I Am Sam Kurdish 🔥
It means never quite fitting in. Not fully Western, not fully Middle Eastern. Always a little bit other — but proud of it. I won’t pretend it’s all poetry and good food.
I don’t blame people. Really. Our history is complicated, our struggle is long, and our homeland was carved up and handed out like old playing cards. But explaining it over and over is exhausting. It means growing up with stories of resilience. My grandmother told me about walking over mountains at night, carrying nothing but children and hope. She didn’t tell it like a tragedy. She told it like a fact. This is what we did. This is what we are. i am sam kurdish
It means food that tastes like memory. Dolma, biryani, kuba, mastaw. The smell of lamb and spices drifting through my mother’s kitchen on a Friday afternoon. Meals that take six hours to prepare and twenty minutes to eat — and that’s exactly the point. It means never quite fitting in
It’s such an innocent question.

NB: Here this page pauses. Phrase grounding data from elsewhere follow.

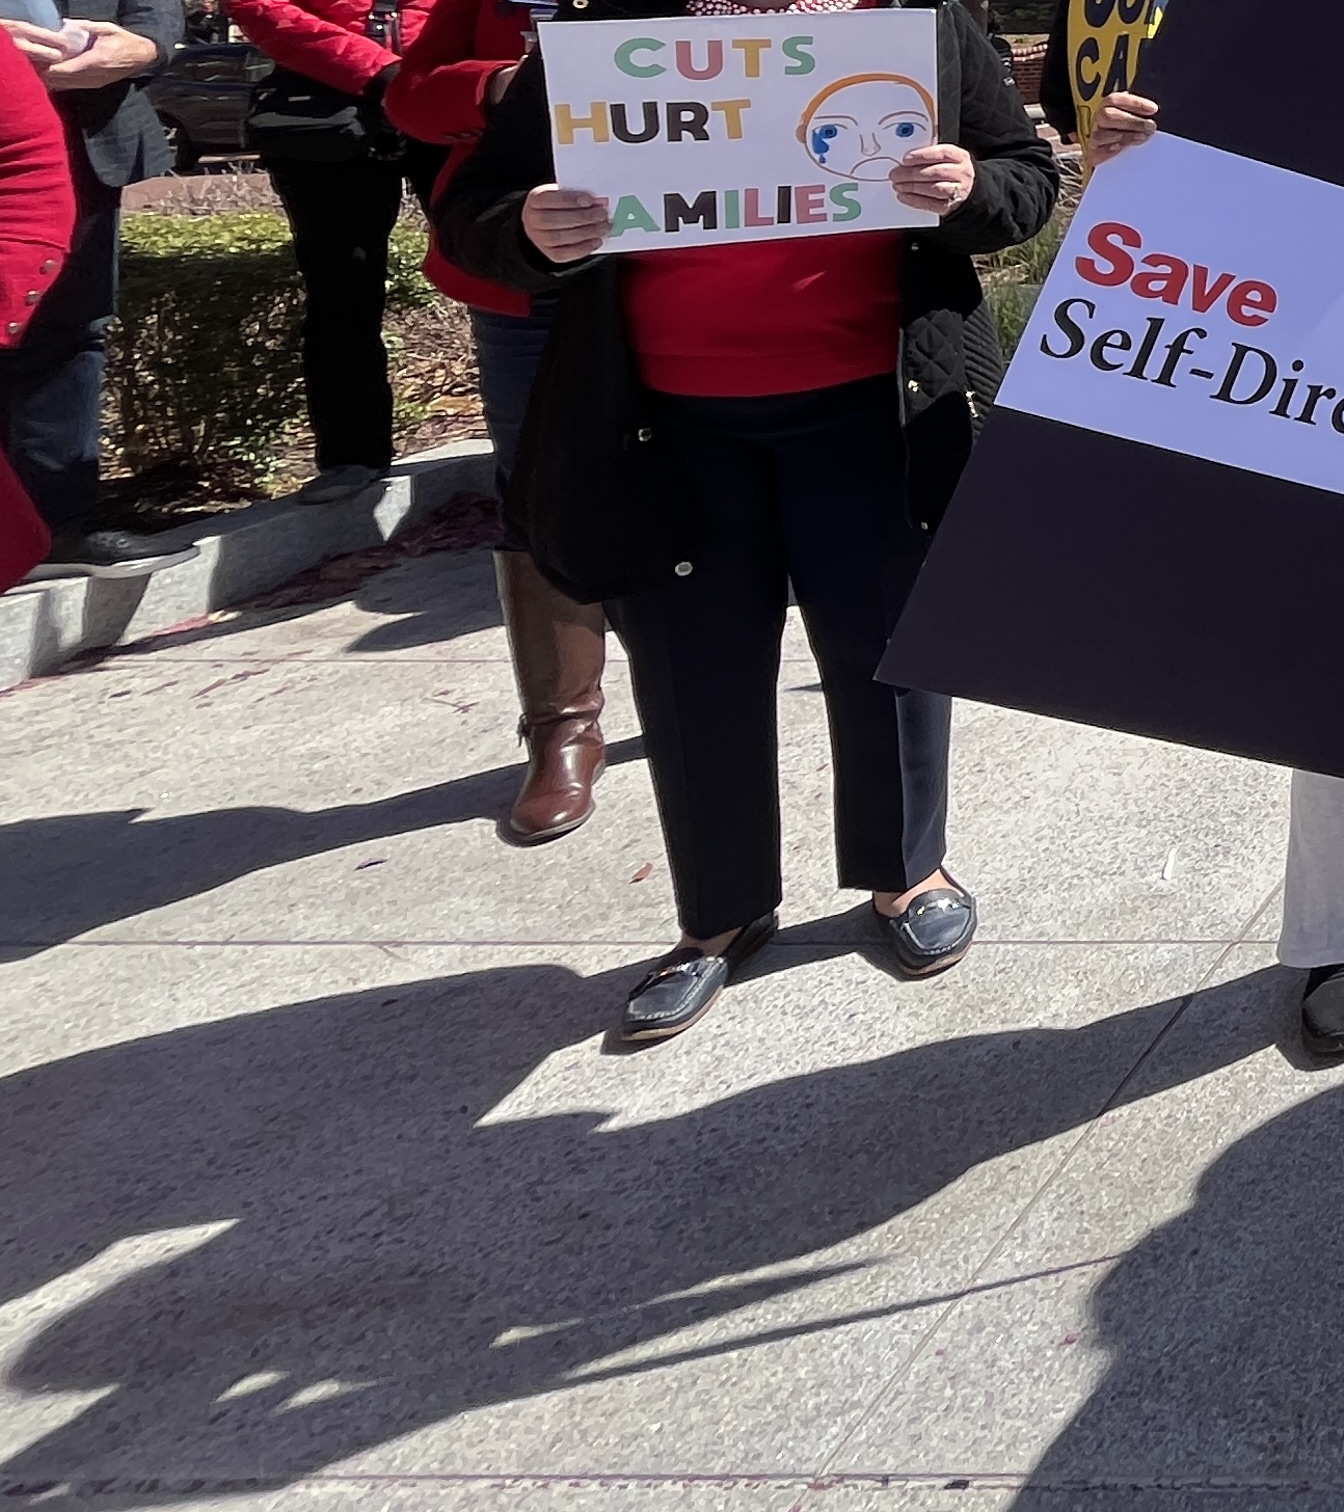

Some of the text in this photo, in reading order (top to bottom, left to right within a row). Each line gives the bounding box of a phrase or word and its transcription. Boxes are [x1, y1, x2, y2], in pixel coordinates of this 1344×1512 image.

[614, 35, 816, 80] CUTS
[554, 99, 752, 144] HURT
[596, 182, 862, 238] AMILIES
[1075, 222, 1278, 327] Save
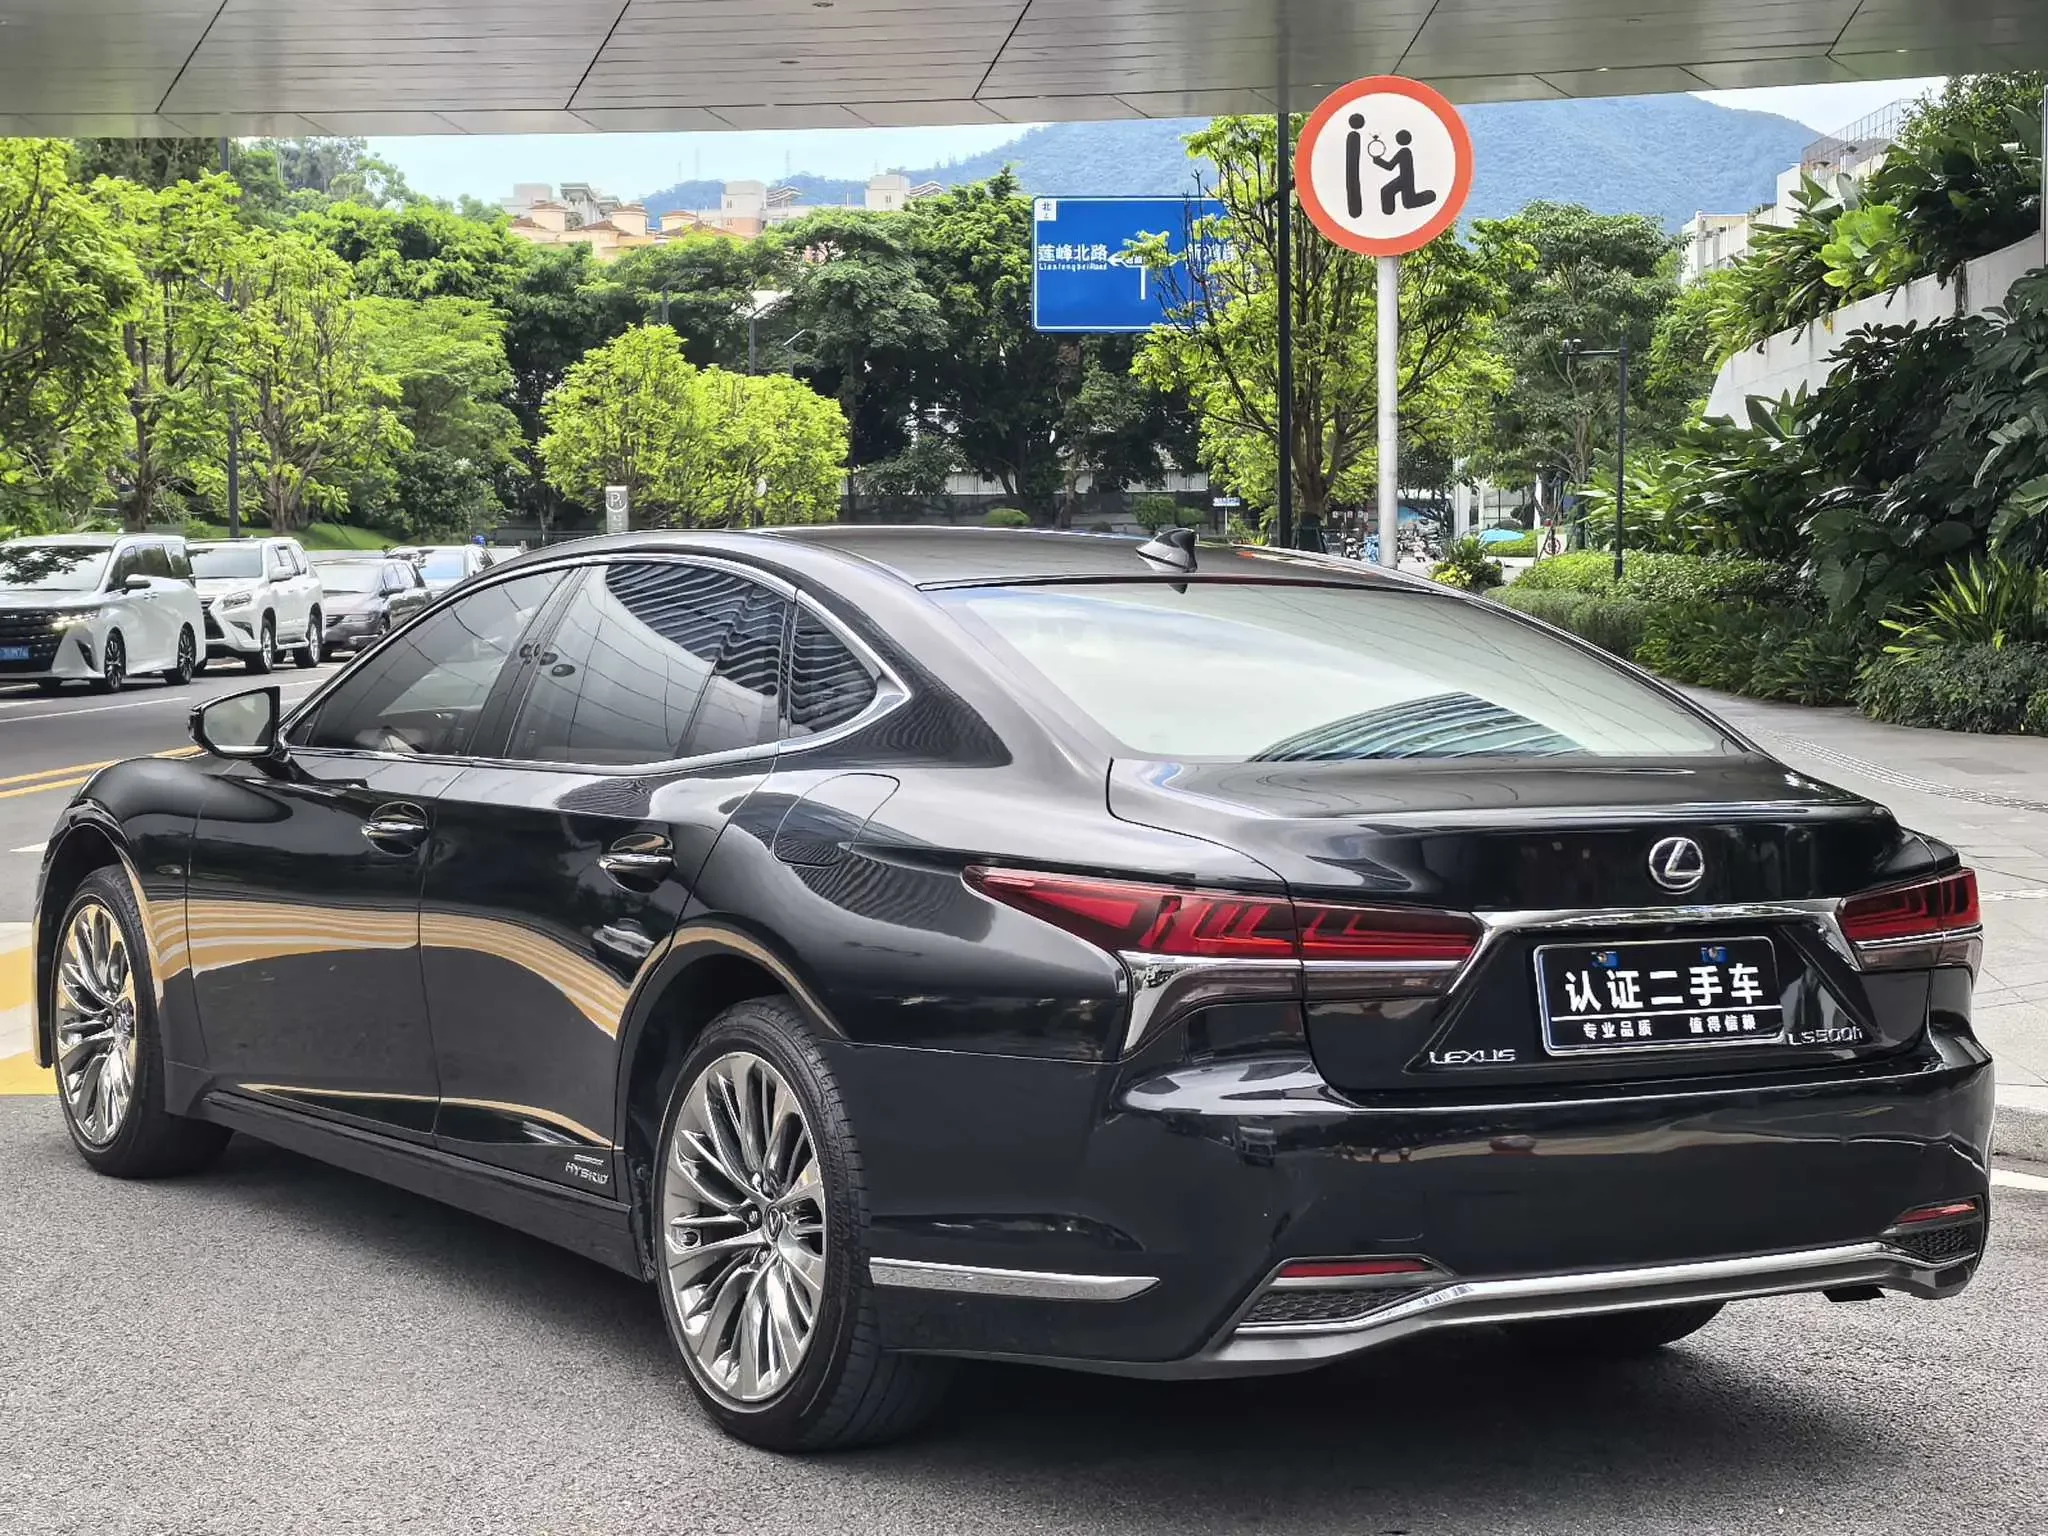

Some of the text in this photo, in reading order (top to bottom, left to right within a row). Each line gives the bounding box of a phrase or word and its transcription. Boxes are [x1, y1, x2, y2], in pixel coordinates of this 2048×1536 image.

[1565, 963, 1764, 1012] 认证二手车
[1583, 1014, 1756, 1040] 专业品质 值得信赖
[1429, 1049, 1516, 1064] LEXUS
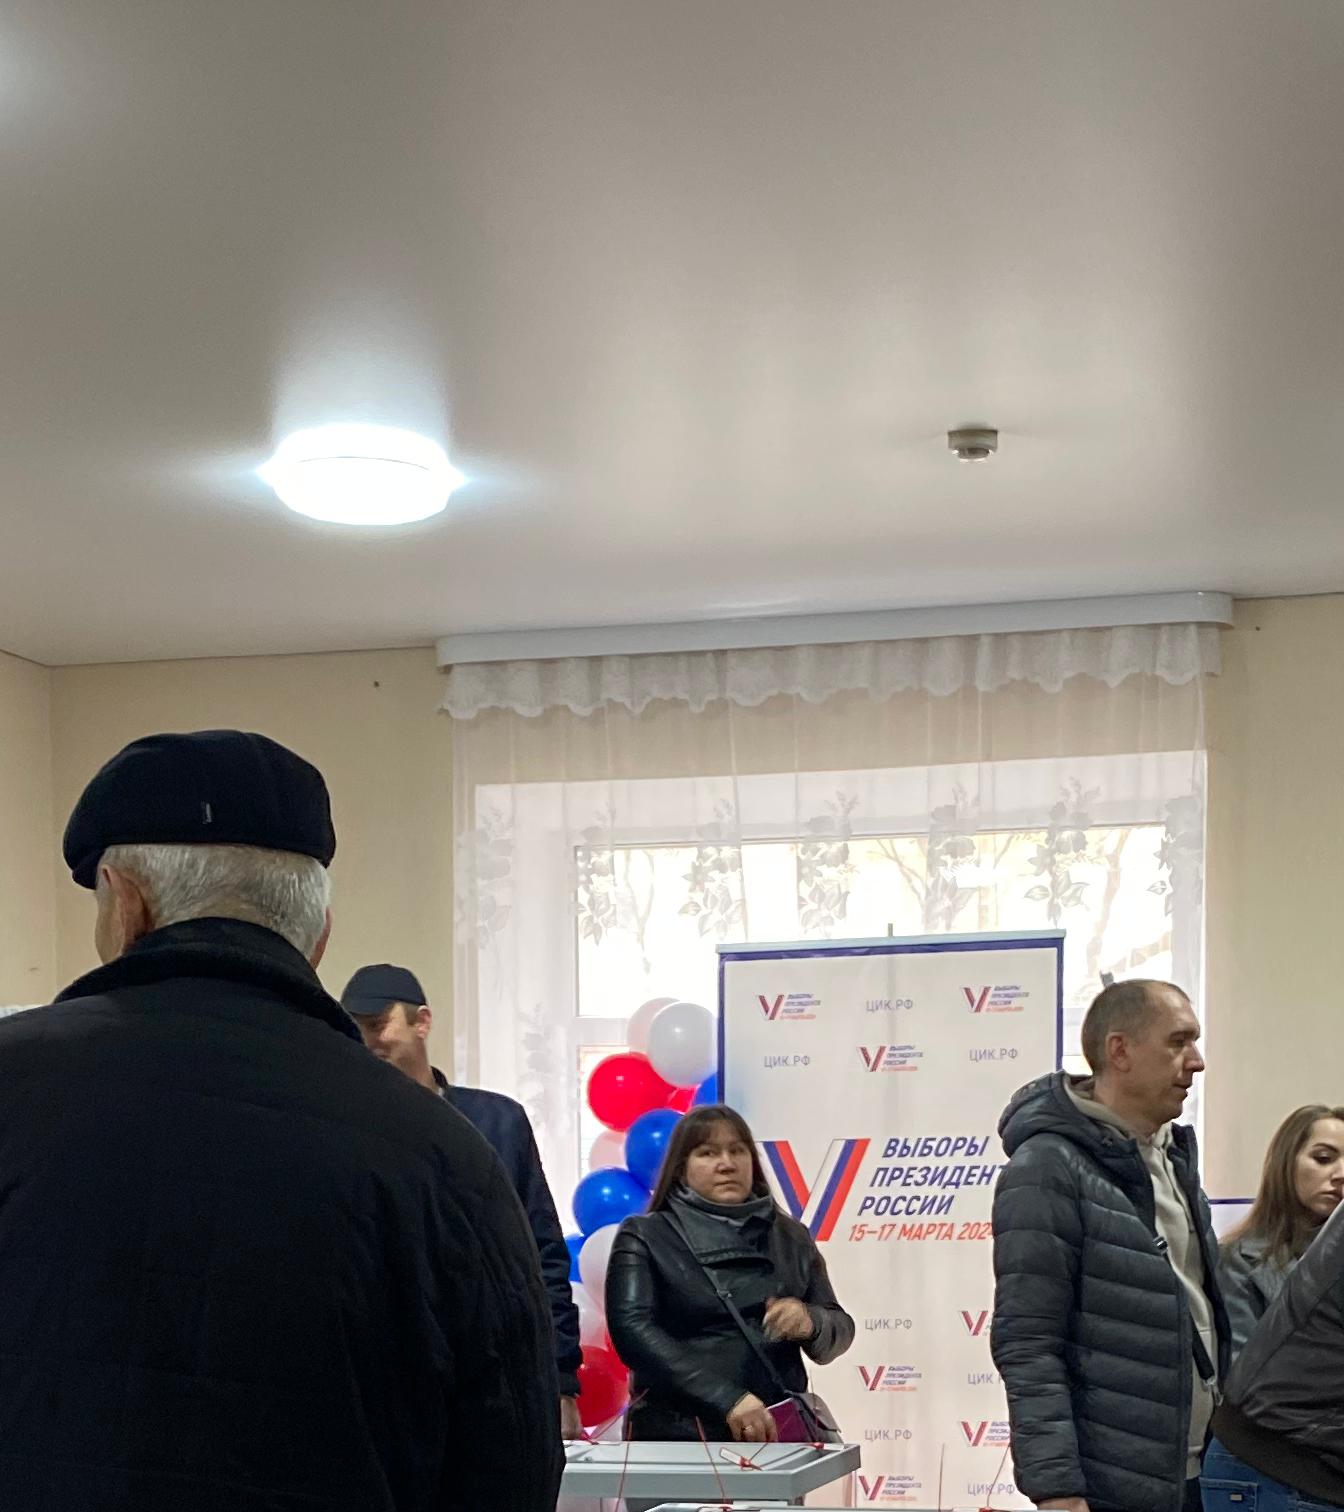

People ask it at parties, in waiting rooms, on first dates. And every time, my brain does a little gymnastics routine. I won’t pretend it’s all poetry and good food
It means Newroz. The fire. The dancing. The feeling that spring is not just a season but a political act — a celebration of resistance, of new beginnings, of a people who refused to disappear. I’m Sam. I work a normal job, argue about sports, and have a plant I keep forgetting to water.
It means explaining to friends why you don’t visit your parents’ homeland as easily as they visit theirs. Why a “vacation” to that village your grandfather mentioned might involve military checkpoints and a language that isn’t yours and a flag you’re not technically allowed to fly.